> What you have to do: From the line with "Some of the words" to the last line of the data below, repeat every line exactly and add nothing.

*** Excerpted records Section Begins ***

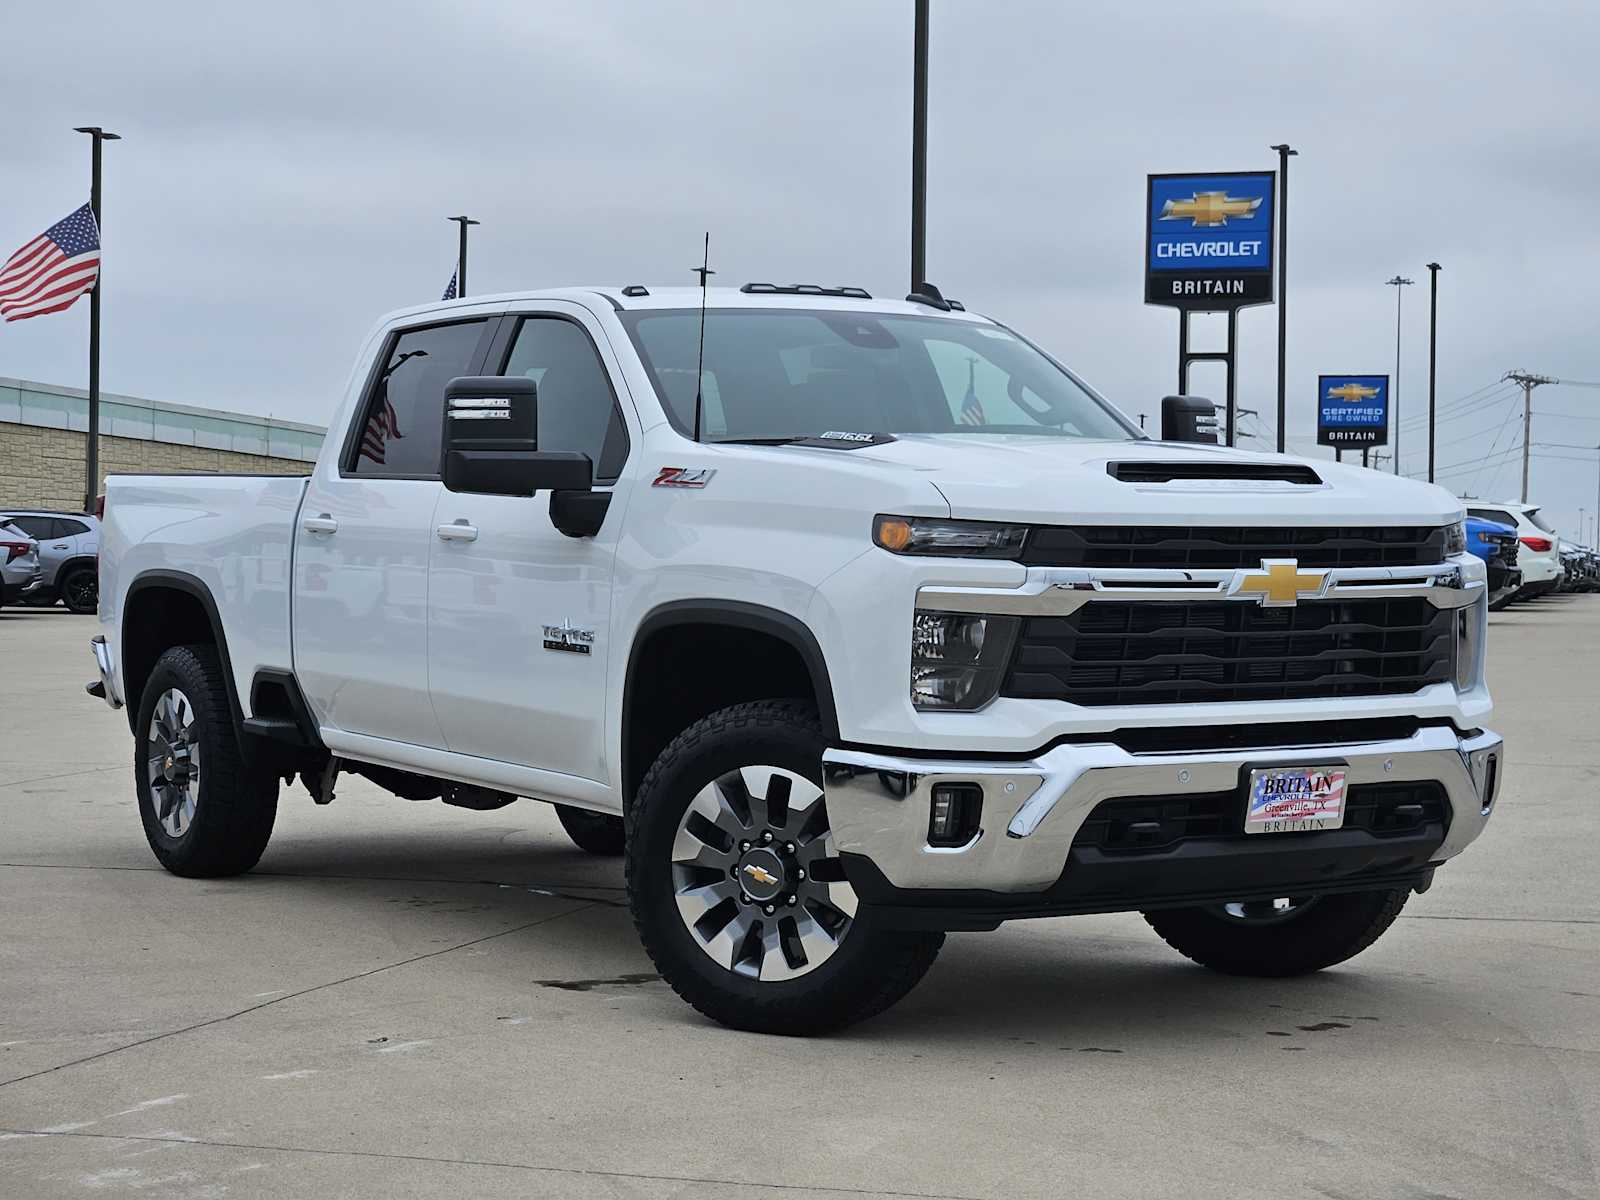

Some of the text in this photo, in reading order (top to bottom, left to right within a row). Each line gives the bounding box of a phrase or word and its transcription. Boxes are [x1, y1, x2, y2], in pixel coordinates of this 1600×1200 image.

[1157, 241, 1262, 258] CHEVROLET
[1172, 280, 1244, 294] BRITAIN
[1328, 432, 1375, 440] BRITAIN
[1264, 776, 1334, 794] BRITAIN
[1262, 793, 1312, 802] CHEVROLET
[1264, 801, 1326, 813] Greenville, TX
[1264, 819, 1325, 832] BRITAIN
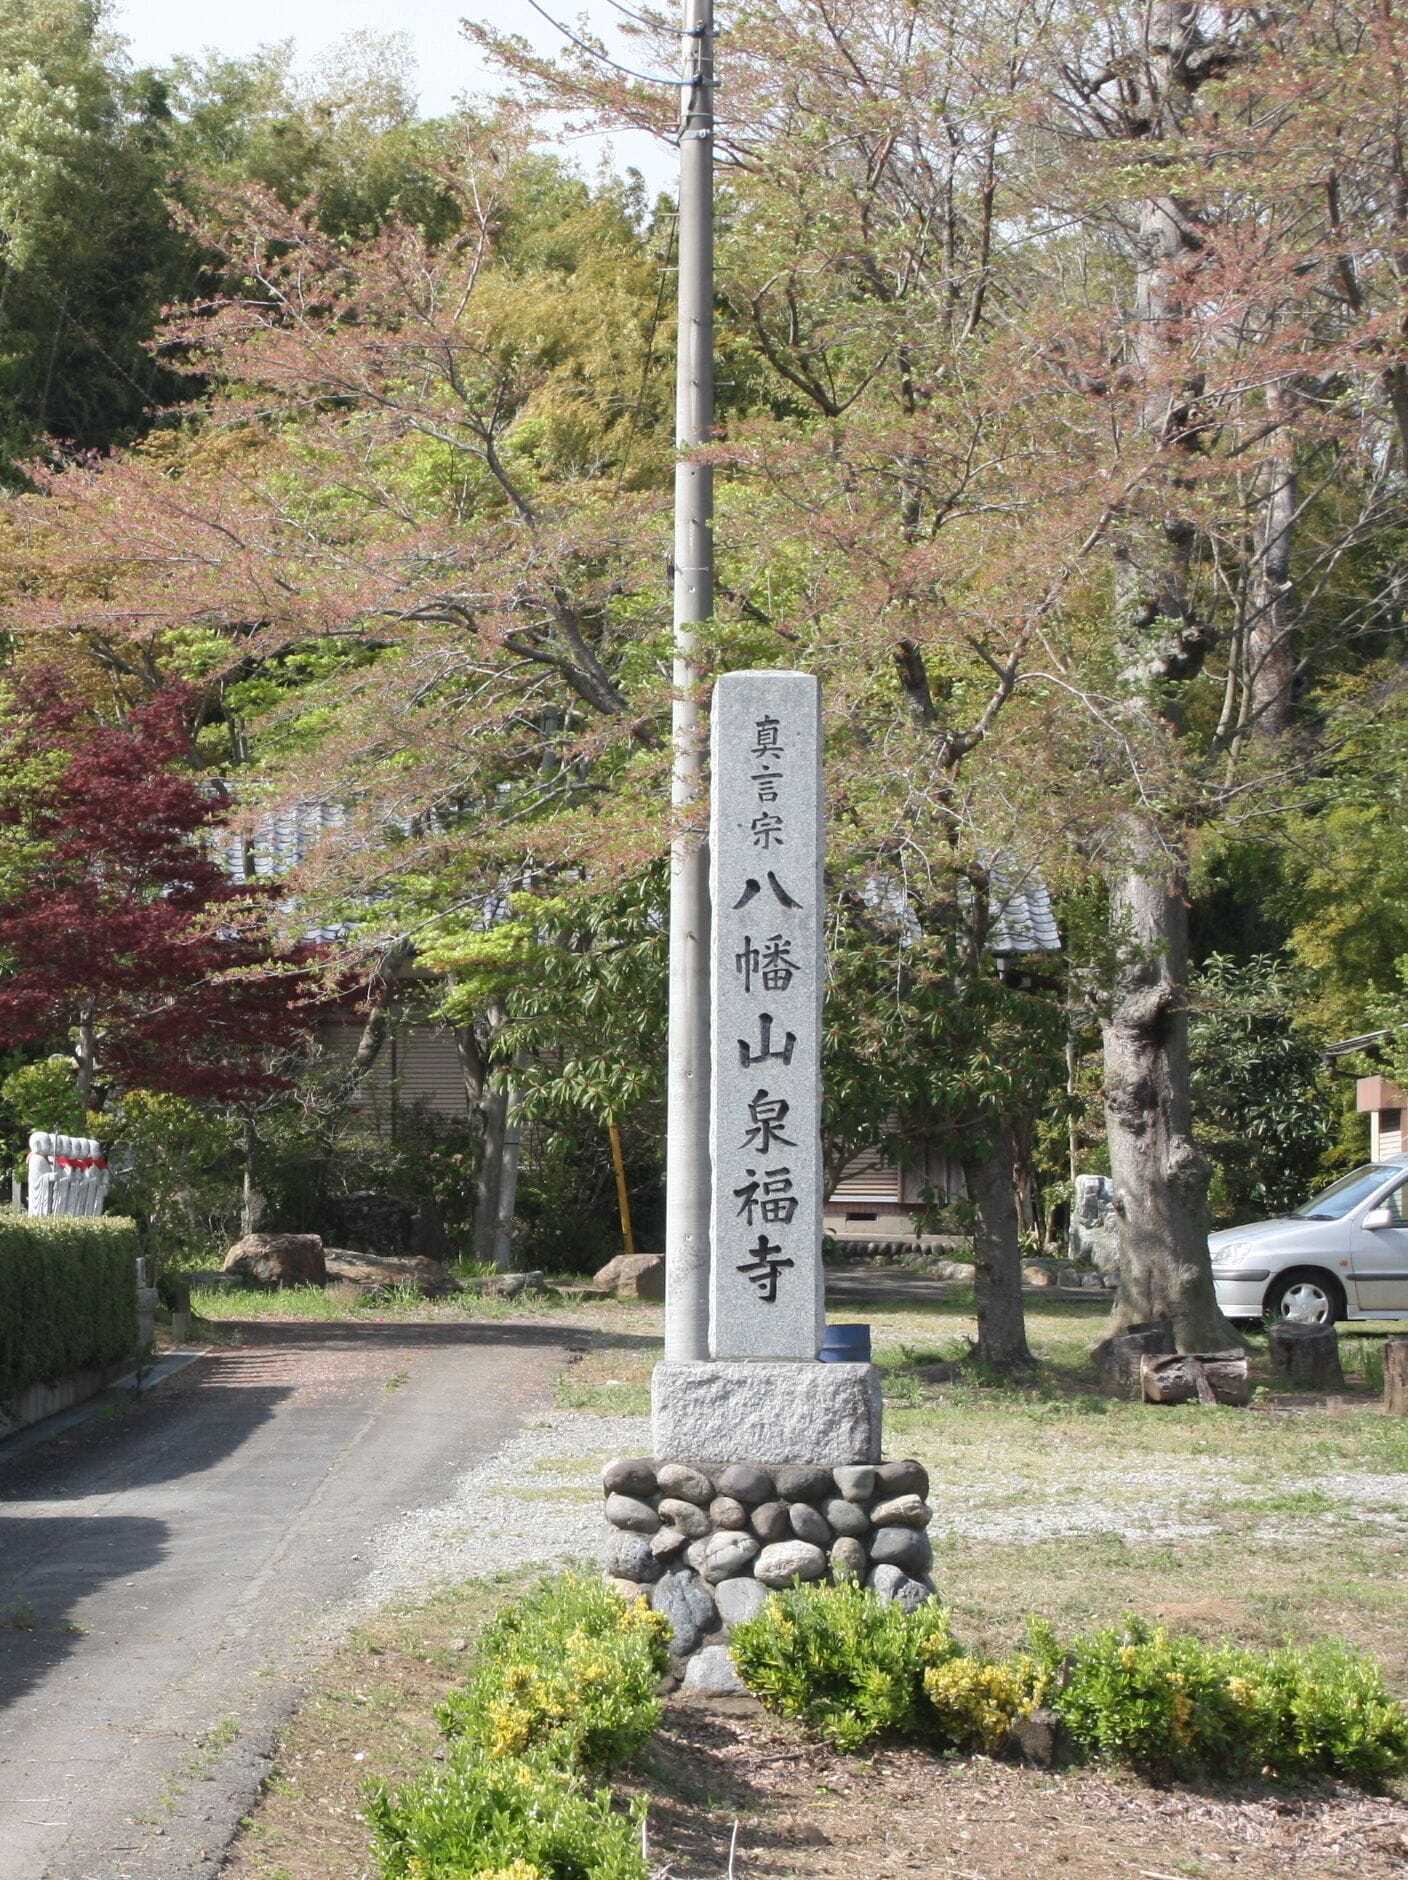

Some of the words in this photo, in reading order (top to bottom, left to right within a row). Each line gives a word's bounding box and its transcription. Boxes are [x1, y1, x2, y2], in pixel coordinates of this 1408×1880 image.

[749, 714, 784, 850] 真言宗
[732, 870, 803, 1302] 八幡山泉福寺

*** Excerpted records Section Ends ***

> Finished task:
Some of the words in this photo, in reading order (top to bottom, left to right within a row). Each line gives a word's bounding box and its transcription. Boxes are [x1, y1, x2, y2], in pixel coordinates of this 1408×1880 image.

[749, 714, 784, 850] 真言宗
[732, 870, 803, 1302] 八幡山泉福寺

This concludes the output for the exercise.